I'll be listening tomorrow and perhaps these points are covered...looking forward to this one cos this is a classic case, whatever the truth of it is.
As unbelievable as it seems, military tests, exercises and dangerous material transports occur near populated areas fairly often. Most remain secret unless there's a problem. Here's a few examples:
On May 24, 1963, Kenneth S. "Dutch" Collins was making a subsonic engine test flight (of the A-12), flying very slowly just above a solid layer of clouds. He was accompanied by Jack W. Weeks in an F-101 Voodoo chase airplane. When Collins saw that Weeks's F-101 could not stay up with his A-12, he told Weeks to continue on to the base alone. Shortly afterward, when Collins flew into the clouds, his A-12 suddenly stalled, pitched up, and went completely out of control-the result of an erroneous airspeed reading. Collins was able to eject safely from the airplane, which went into an inverted flat spin and then crashed 14 miles south of Wendover, Utah.

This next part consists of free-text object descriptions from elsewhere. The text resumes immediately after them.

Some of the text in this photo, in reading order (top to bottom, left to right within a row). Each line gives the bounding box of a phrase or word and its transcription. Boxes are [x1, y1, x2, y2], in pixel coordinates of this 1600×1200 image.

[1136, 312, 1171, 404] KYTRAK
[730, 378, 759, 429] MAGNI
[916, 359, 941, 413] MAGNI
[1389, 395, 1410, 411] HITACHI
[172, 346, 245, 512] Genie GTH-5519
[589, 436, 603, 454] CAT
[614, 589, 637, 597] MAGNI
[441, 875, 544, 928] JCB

July 11, 1986 Maj. Ross E. Mulhare flying F-117A
Bakersfield, CA. At about 1:45 a.m., Mulhare's airplane went into a steep dive and smashed into a hillside about 17 miles northeast of that city, just inside the Sequoia National Forest. Mulhare was killed.
May 22, 1957, Kirtland Air Force Base, NM- Nuclear Accident near Albuquerque NM
(Conventional plane carrying nuclear material) The nuclear weapon was completely destroyed in the detonation which occurred approximately 4.5 miles south of the Kirtland control tower and 0.3 miles west of the Sandia Base reservation, creating a blast crater approximately 25 feet in diameter and 12 feet deep. Fragments of the bomb and debris were scattered over a one mile area. A radiological survey of the area was conducted, but revealed no radioactive contamination beyond the lip of the crater.

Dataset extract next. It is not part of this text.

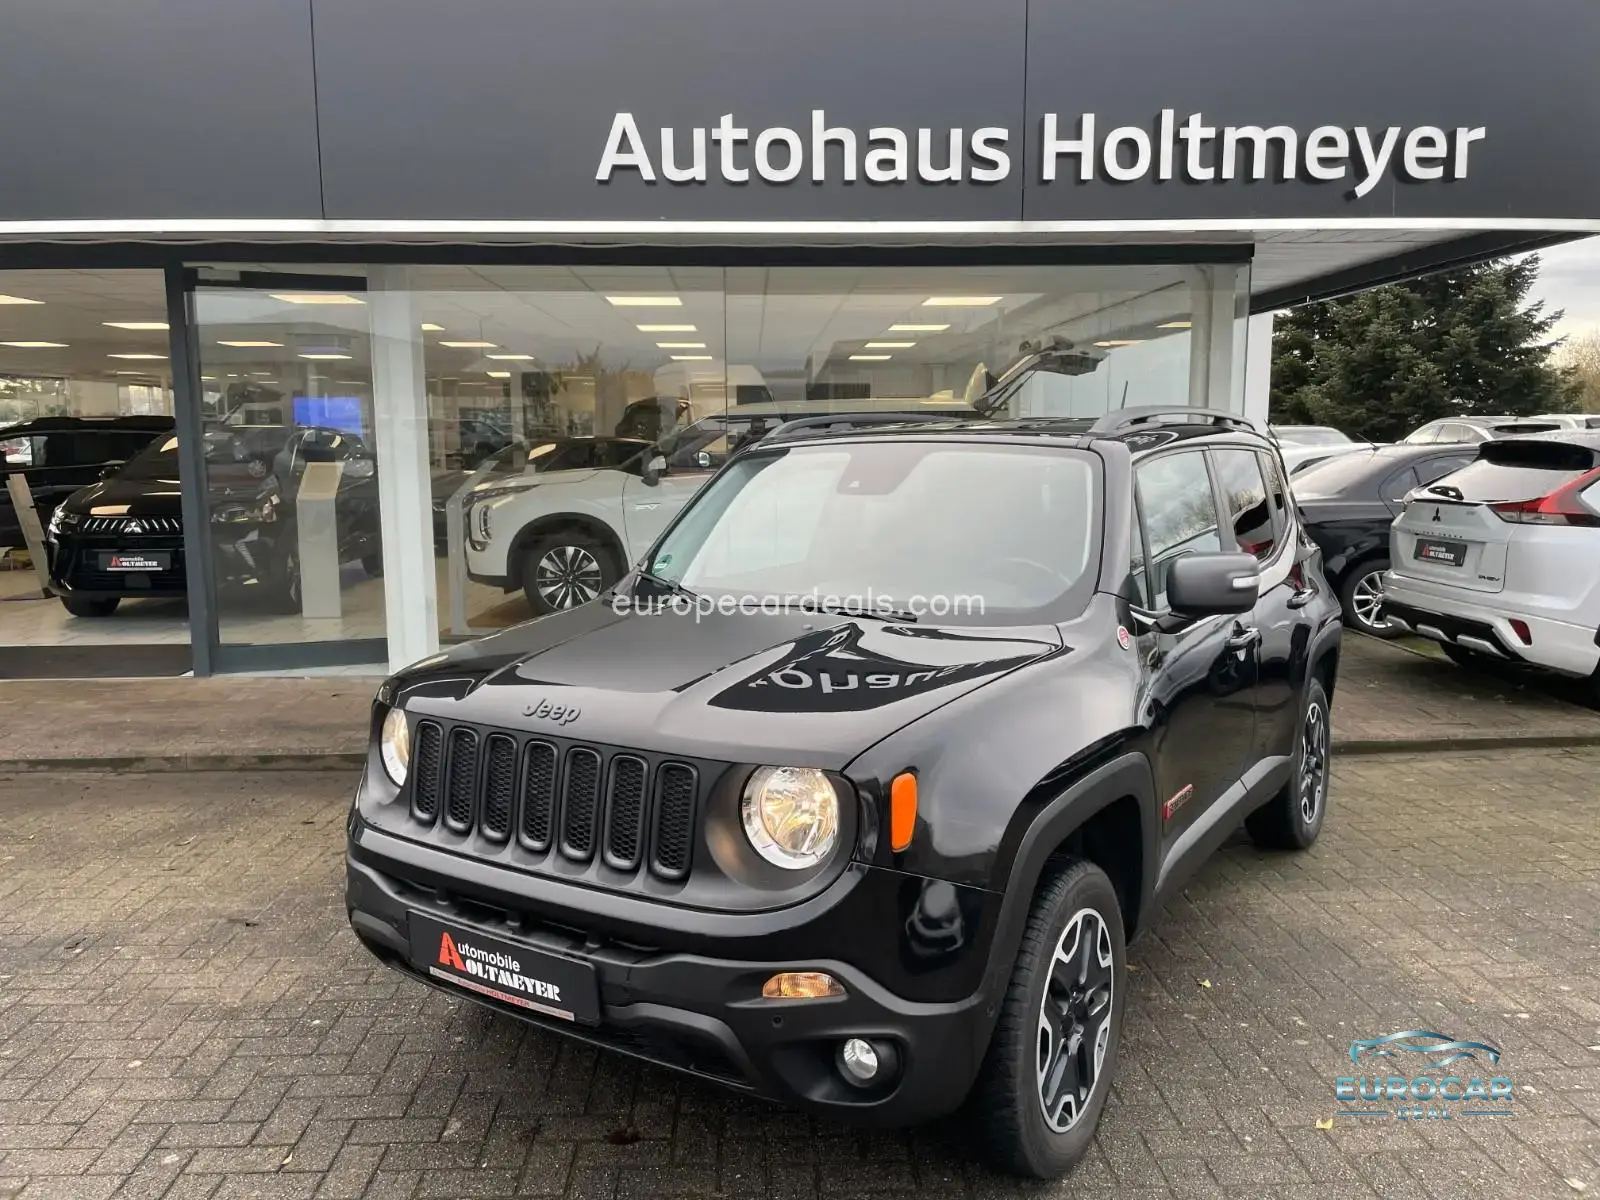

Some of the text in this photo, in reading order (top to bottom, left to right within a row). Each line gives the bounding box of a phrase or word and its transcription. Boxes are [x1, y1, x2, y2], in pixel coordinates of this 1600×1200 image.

[595, 108, 1487, 200] Autohaus Holtmeyer
[522, 698, 582, 726] Jeep
[439, 932, 520, 973] Automobile

As these accounts demonstrate, operations of this nature probably happen more frequently than reported. For instance, a Department of Energy trailer carrying plutonium from Richland, Washington, to New Mexico overturned on icy roads on Interstate 25 near Fort Collins, Colorado, in December 1980.
The Cash-Landrum incident occurred about 20 miles outside of Houston, and it is plausible that this was a military operation gone wrong. But, just because it sounds good, we can't rule out other scenarios.